Shopping for a healthy lifestyle simplifies what you need to buy, so no need to feel anxious when walking down those aisles. Grocery shopping can be pretty intimidating in the beginning, but it becomes easy once you know what to look for. There are a few basic guidelines in order to ease your shopping experiences, save money and time, along with getting the right products for healthy eating: making and executing a list, purchase items in bulk, capitalizing on sales and coupons, avoiding sales tricks, avoid processed foods, making your purchases count, and making it quick and efficient. The easiest way to have success in these tips is by planning ahead for things you might need at home; a grocery list is every shopper’s best friend.
- Lists are one of the best methods to use when shopping for a healthy lifestyle, it keeps us focused and it helps us budget our money and time spent shopping; it’s the first step towards becoming efficient shoppers. When making a grocery list, the most important thing to do is to stick with the items on the list. If you stay within your list, then you can roughly budget out how much money you’re spending before you even start shopping and avoid the frivolous spending that come with impulse purchases. Never go grocery shopping while you’re hungry, or you’re bound to pick up something new that ‘looks good’ or even worse, you know it’s bad for you but your hunger rules over your mind and judgment. Now there’s nothing worse than going to the store and getting distracted, only to realize you didn’t even buy what you really needed from the store once you get home; but if you stick to your list that scenario never happens. It’s best to approach making a list as if every item on it is something that you need and will be beneficial towards your health. One must prioritize the important foods like vegetables, fruits, and grains; and simply avoid the cravings of junk food, soda and desires of sweets, for those will destroy a healthy lifestyle. When planning meals for the week, a grocery list will aid you in getting every ingredient, or finding ways to substitute what you have. The easiest way to use a list is by keeping your foods categorized by type and listed by priority, for example:
We usually use a small notepad when writing a list, but the different types of information on your list should still be there. The reason why I use ‘we’ for list making is simple, it’s a team effort. When making our list, we both check the our food supply just to see if either of us missed anything, this is another way to avoid multiple trips at the store and only takes a few seconds. We usually write out all the categories of our food, then we each add items as we see fit at the beginning of the week. To help in making priority with your list, use a meal plan in order to get ingredients for your whole weeks, or more, worth of food. Using one list per week is a great way to save time and ensure everything you need or cooking will be in stock.

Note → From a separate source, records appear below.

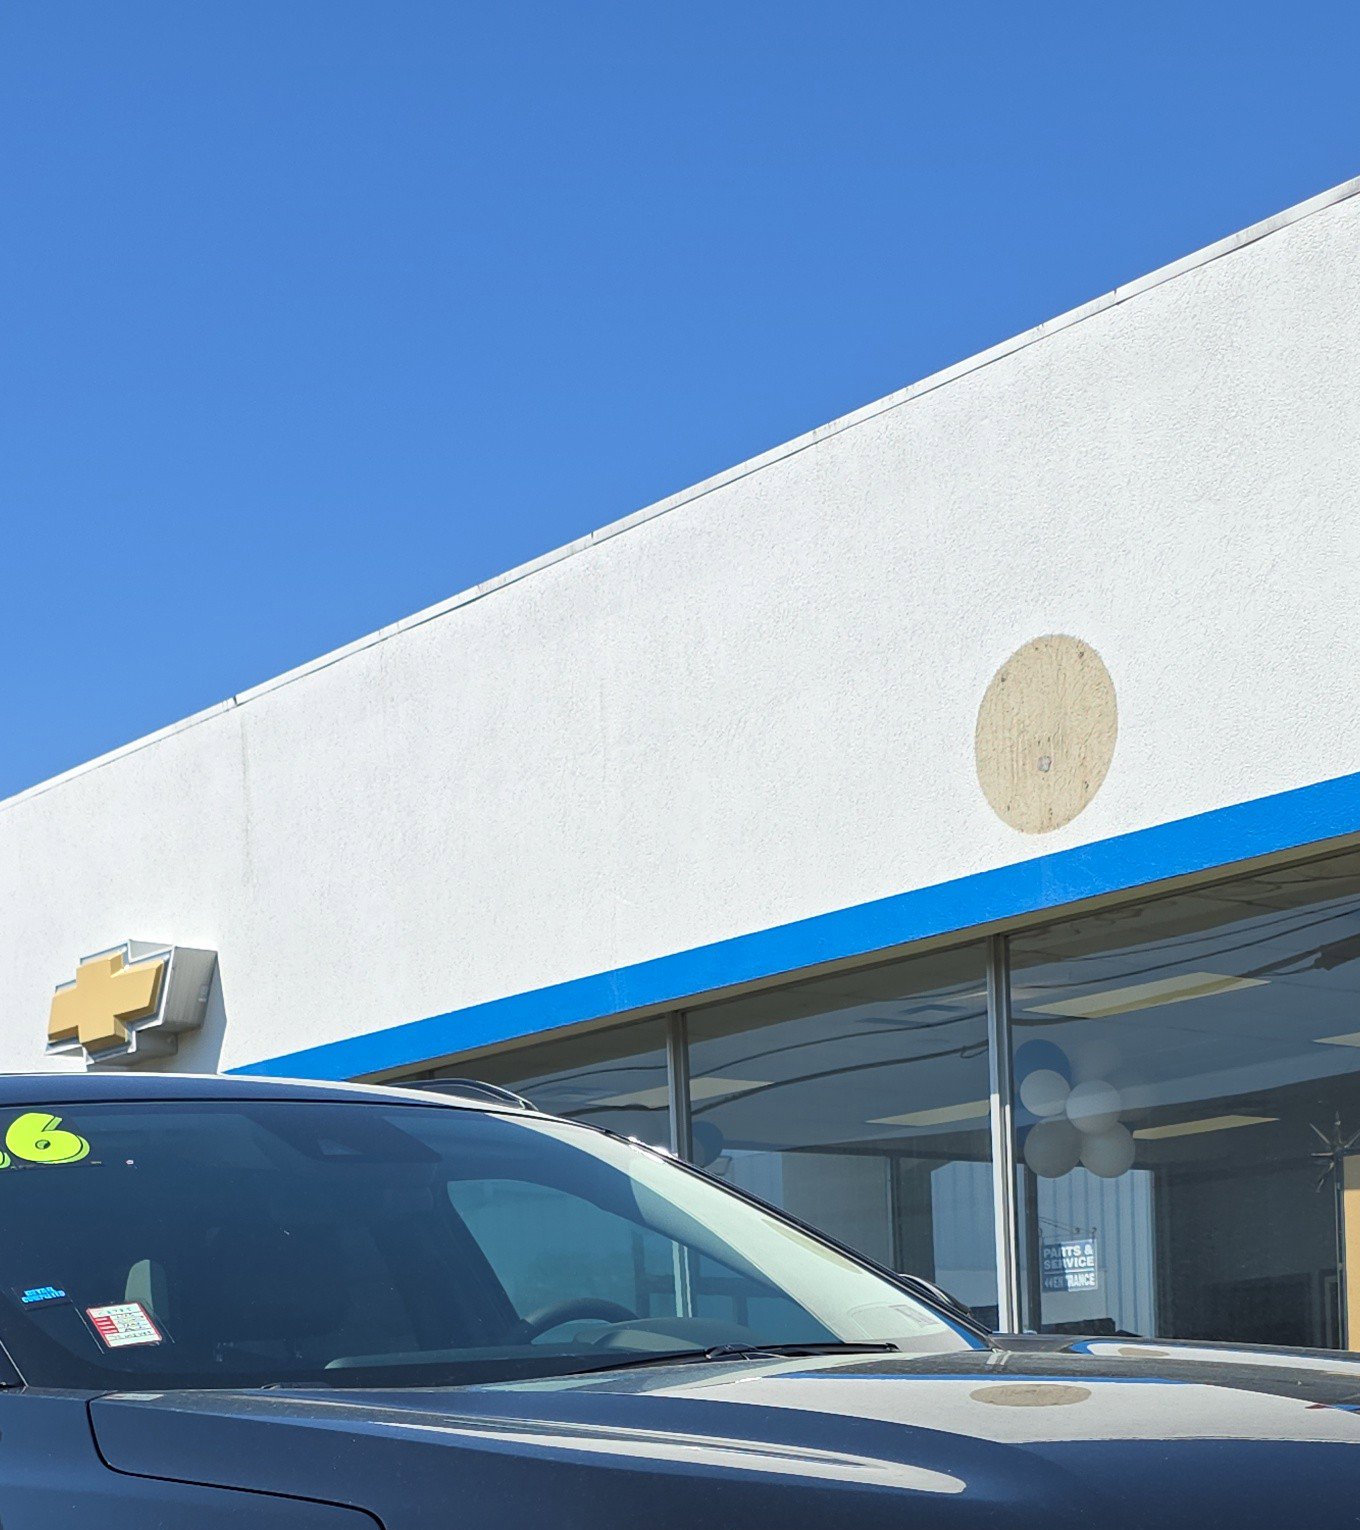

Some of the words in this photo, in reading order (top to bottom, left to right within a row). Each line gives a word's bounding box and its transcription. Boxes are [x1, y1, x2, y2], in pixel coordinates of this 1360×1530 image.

[1043, 1245, 1081, 1258] PARTS
[1084, 1244, 1093, 1255] &
[1043, 1256, 1094, 1270] SERVICE
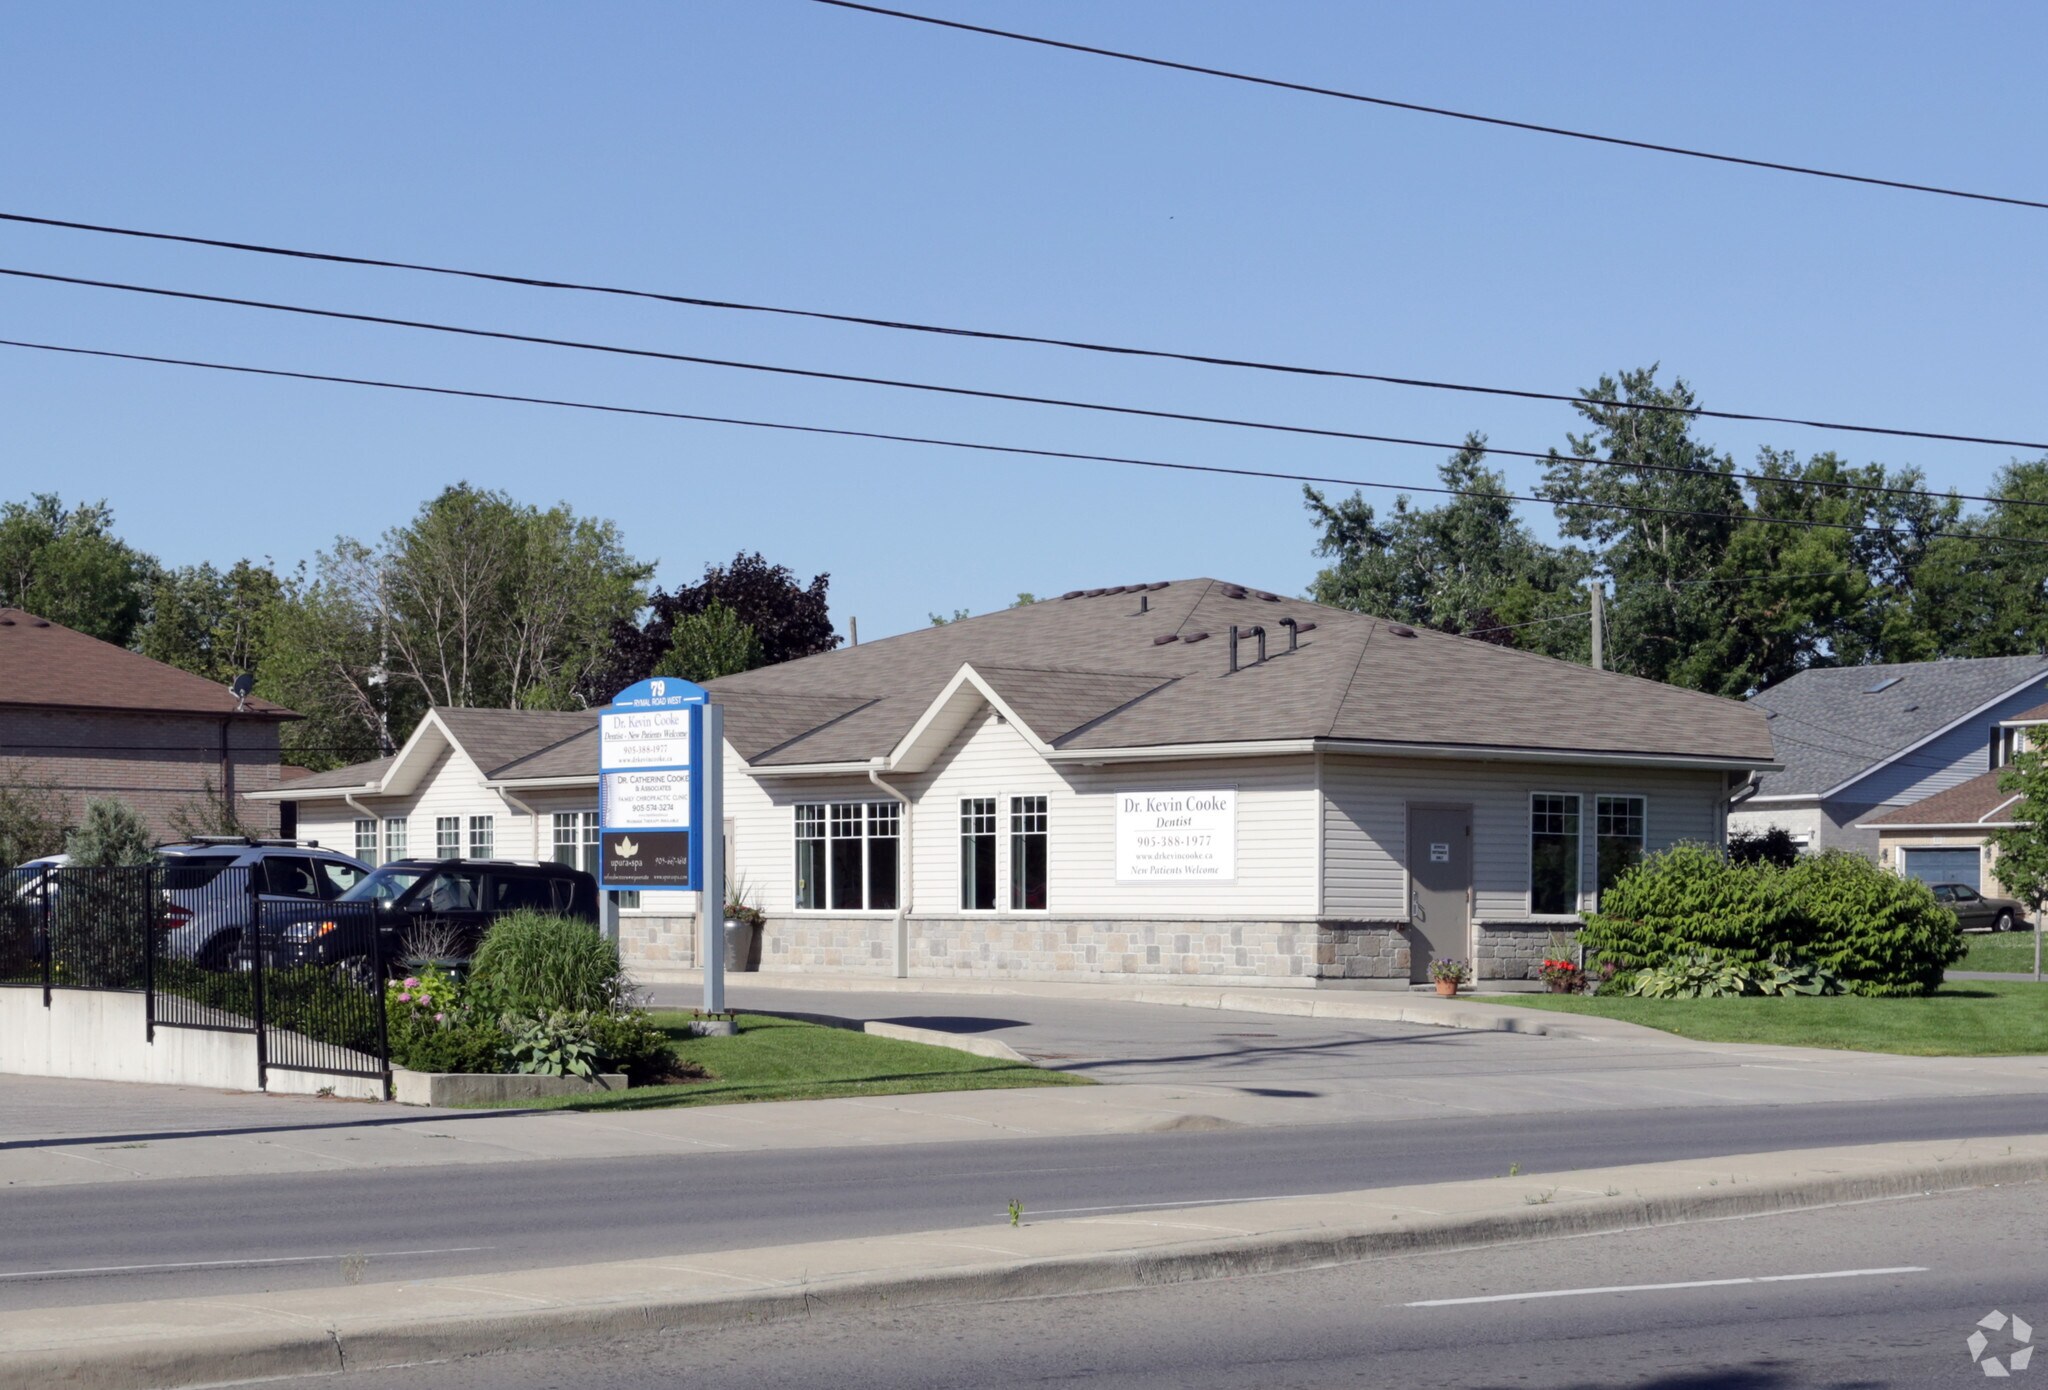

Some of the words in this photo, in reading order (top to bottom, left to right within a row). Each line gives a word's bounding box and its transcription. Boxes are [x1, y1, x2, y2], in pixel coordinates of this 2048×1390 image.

[650, 680, 665, 697] 79
[652, 697, 666, 705] ROAD
[667, 696, 682, 704] WEST
[613, 716, 626, 729] Dr.
[628, 715, 651, 728] Kevin
[654, 713, 680, 726] Cooke
[604, 731, 623, 740] Dentist
[628, 731, 640, 739] New
[641, 730, 662, 739] Patients
[663, 729, 688, 738] Welcome
[623, 744, 668, 755] 905-388-1977
[617, 776, 628, 784] DR.
[629, 774, 666, 784] CATHERINE
[666, 774, 690, 783] COOKE
[1124, 797, 1142, 813] Dr.
[1146, 797, 1182, 813] Kevin
[1186, 795, 1227, 811] Cooke
[1156, 816, 1192, 828] Dentist
[1137, 835, 1212, 847] 905-388-1977
[1135, 851, 1213, 860] www.drkevincooke.ca
[1131, 866, 1148, 875] New
[1149, 865, 1182, 875] Patients
[1184, 865, 1219, 874] Welcome
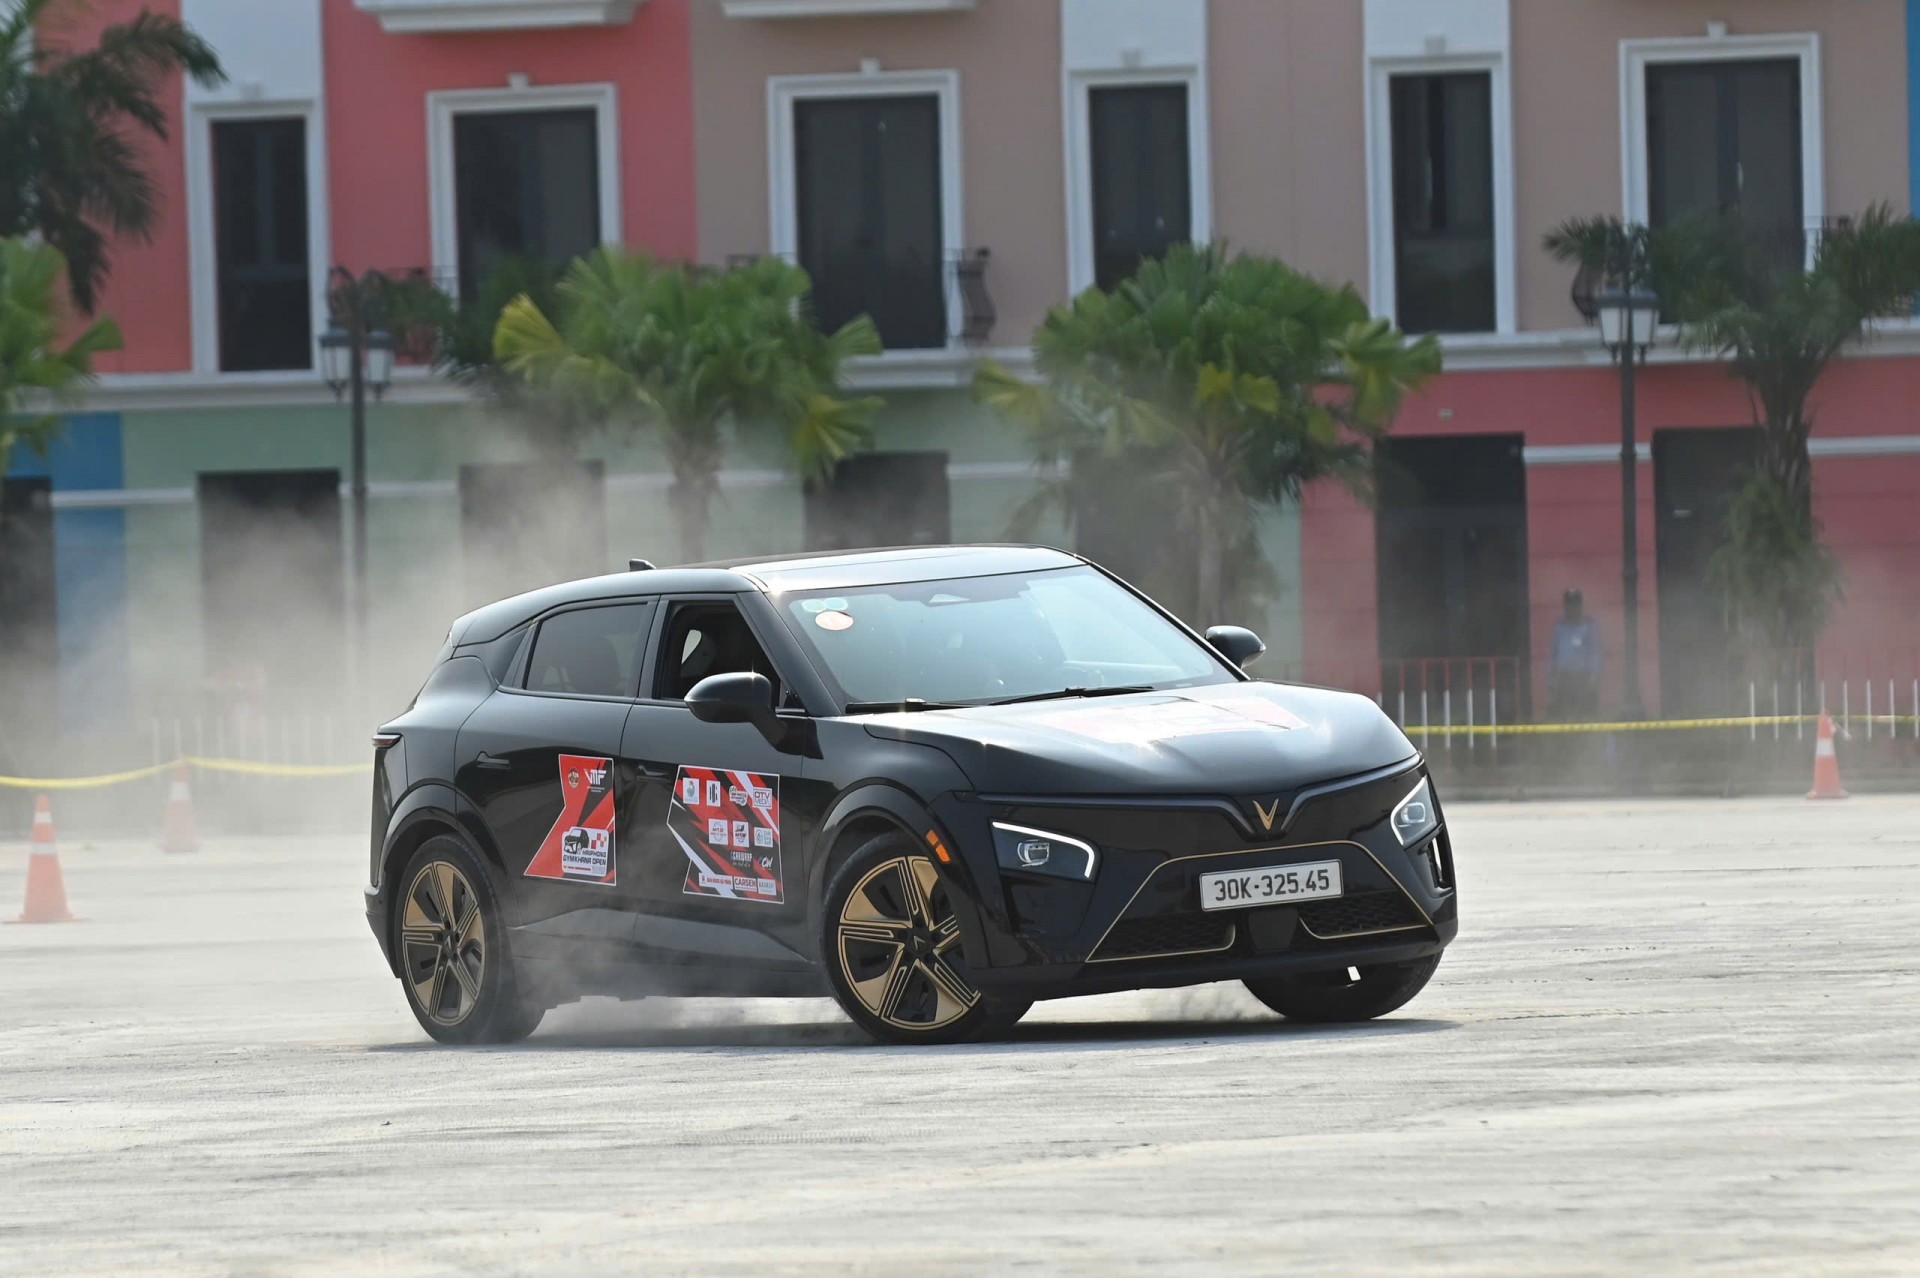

Noting priority on your groceries and categorizing them really helps with staying focused and navigating the grocery store. It’s best to start off getting produce first, then work your way through the necessary aisles that you need. It’s an out of sight out of mind ideology with this approach, when you don’t have to walk down the aisles where junk foods are, you don’t give yourself the opportunity to be tempted to buy them. If you stick to the list, even if a product is in the same aisle as your favorite junk food, you’ll be able to resist temptation through discipline.
- Bulk foods are my favorite thing to get when shopping. They allow the most freedom, since I can get the exact amount needed, but most importantly, they have the best saving opportunity. We’ll get anything from flour, nuts, spices, pasta, various multi-grains, and anything else we typically need from the bulk sections of stores. The bigger the grocery store, the bigger the bulk section is for the most part, but regardless of where you go, the price will be cheaper than the prepackaged counterpart. You can even buy bulk foods online nowadays, which can be beneficial if it’s an exotic item that most stores don’t carry. When you plan and store these bulk items correctly, you’ll notice your savings and trips to the store for these items decrease. We tend to only make bulk purchases every other month, and even sometimes up to 2-3 months. When incorporating bulked foods into your grocery routine, you again avoid isles which can result in giving into temptation and save money while you’re strengthening your willpower.
- Always be sure to check out the sales for the store(s) you’ll be visiting. These sales and coupons can be found online, or in the sales papers that many of us receive in the mail; most grocery stores have apps now that tell you their savings as well. This is when the ‘*’ from the list example above comes in handy. If you know certain foods will be on sale more often than others, there’s no need to buy them when they’re not on sale. The savings of 50 cents to a dollar will add up if they’re products you purchase often. This technique also loosens the dependencies on certain foods. For us, our kryptonite is tortilla chips, because nachos/baked chips and salsa go great with chili, burritos, and other foods we make often. Limiting ourselves to make 1 bag last a month until they go on sale next month keeps us in better health and our stomachs in check. It also keeps us on our toes and forces us to cook with more variety. Even as a vegetarian, if we eat chips, pretzels, cheese, etc too often, we notice our fat increase and energy levels decrease. But sales aren’t always for restriction, because they often open up new doors for produce. We’re sure to capitalize on items like eggplant, cauliflower, pineapple, avocados, etc when they’re are on sale, or even getting a new produce we don’t usually cook with and experiment. If you notice a sale, it’s great to use a fruit and/or veggie that are usually a little expensive to base some of your meals around that week to capitalize on the offer. Sales and coupons can be an amazing thing when grocery shopping, but they can also lead us into wasting money, so be sure to plan ahead and accordingly.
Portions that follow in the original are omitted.